Returns on other, more traditional investments, are much lower and financial institutions and regulators have created a sort of firewall anytime fiat currency is moved into cryptocurrency or back that severely restricts large movements of money into or out of this market.
Inside the cryptocurrency market, things are much different.
Exchanges have made it incredibly easy to move from coin to coin easily and at low cost. There are over 900 different altcoins that represent everything from equity in companies, various attempts to create a better currency, and products ranging from computing power to strip club memberships.
One of the most remarkable advances of these cryptocurrency exchanges is their willingness to trade virtually anything for anything else. Currency tokens can be exchanged for service tokens, which can be exchanged for equity or debt tokens.
The wealth effects from quickly rising currency values, the limited range of products that can be now purchased with cryptocurrencies and the ease with which investors or purchasers can move between tokens has created a large investment pool just waiting for something to buy.
Not only do these individuals believe in the value of the blockchain, they have experienced it and would like to buy more. So when a new product is tokenized and offered for sale in denominations of ethereum or bitcoin, there are many who are willing to purchase.
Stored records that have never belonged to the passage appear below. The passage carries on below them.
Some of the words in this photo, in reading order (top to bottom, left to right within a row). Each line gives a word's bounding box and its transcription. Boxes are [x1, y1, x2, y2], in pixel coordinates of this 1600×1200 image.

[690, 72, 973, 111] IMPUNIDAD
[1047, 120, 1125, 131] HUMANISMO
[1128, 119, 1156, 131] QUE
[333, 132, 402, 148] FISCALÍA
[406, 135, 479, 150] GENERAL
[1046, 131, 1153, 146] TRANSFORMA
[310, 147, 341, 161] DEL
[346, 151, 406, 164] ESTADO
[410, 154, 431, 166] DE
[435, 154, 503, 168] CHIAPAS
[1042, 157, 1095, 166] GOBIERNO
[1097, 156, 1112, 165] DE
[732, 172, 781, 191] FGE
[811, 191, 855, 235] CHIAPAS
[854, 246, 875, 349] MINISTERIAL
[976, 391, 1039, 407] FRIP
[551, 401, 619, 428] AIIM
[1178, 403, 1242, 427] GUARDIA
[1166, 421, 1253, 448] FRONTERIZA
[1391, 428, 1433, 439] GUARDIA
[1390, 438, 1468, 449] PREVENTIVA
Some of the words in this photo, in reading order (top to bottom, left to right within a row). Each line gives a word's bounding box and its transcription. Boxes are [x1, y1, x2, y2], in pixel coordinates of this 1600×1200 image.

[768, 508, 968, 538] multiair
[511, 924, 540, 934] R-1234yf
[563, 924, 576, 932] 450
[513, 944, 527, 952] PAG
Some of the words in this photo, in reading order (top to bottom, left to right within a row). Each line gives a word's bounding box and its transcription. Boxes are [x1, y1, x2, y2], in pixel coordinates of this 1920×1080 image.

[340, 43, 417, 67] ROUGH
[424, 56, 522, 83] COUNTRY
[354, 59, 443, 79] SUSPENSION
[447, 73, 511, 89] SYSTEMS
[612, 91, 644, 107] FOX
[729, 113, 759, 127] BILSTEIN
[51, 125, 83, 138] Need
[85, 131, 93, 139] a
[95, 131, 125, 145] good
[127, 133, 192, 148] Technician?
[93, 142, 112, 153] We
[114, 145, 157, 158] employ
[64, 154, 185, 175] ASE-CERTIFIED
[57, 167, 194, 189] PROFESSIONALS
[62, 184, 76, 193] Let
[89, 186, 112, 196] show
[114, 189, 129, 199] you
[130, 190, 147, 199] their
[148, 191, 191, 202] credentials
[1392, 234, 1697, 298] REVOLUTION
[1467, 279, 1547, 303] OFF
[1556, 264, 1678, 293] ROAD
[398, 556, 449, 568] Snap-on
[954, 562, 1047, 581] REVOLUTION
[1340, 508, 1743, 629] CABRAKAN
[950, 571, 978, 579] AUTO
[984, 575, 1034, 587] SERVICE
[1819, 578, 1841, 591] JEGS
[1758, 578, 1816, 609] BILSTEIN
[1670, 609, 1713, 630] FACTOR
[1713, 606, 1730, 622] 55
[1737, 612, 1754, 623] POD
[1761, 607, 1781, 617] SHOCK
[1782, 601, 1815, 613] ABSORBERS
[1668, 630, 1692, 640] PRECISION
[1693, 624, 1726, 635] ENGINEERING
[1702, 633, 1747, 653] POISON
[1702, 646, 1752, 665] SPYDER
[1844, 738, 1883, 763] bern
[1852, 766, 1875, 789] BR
Most have rarely lost money in this market and only a few have ever experienced the frustration of being trapped in an illiquid asset like the stock of a private company.
In their world, if the token is not a winner, it can still be traded for something else.
There are many, myself included, who remain concerned about what will happen as this market grows up. We worry about the possibility of fraud, implications of large losses when the bubble bursts and how regulation will affect this unique and exciting “Wild West” atmosphere.
Until that shoe drops, however, I will remain impressed at what can happen when private companies find a way to tap into large amounts of investment money, and investors can find liquidity in tokens representing everything from computer storage to a bet in a prediction market.
Today’s ICO market is a truly remarkable economic experiment.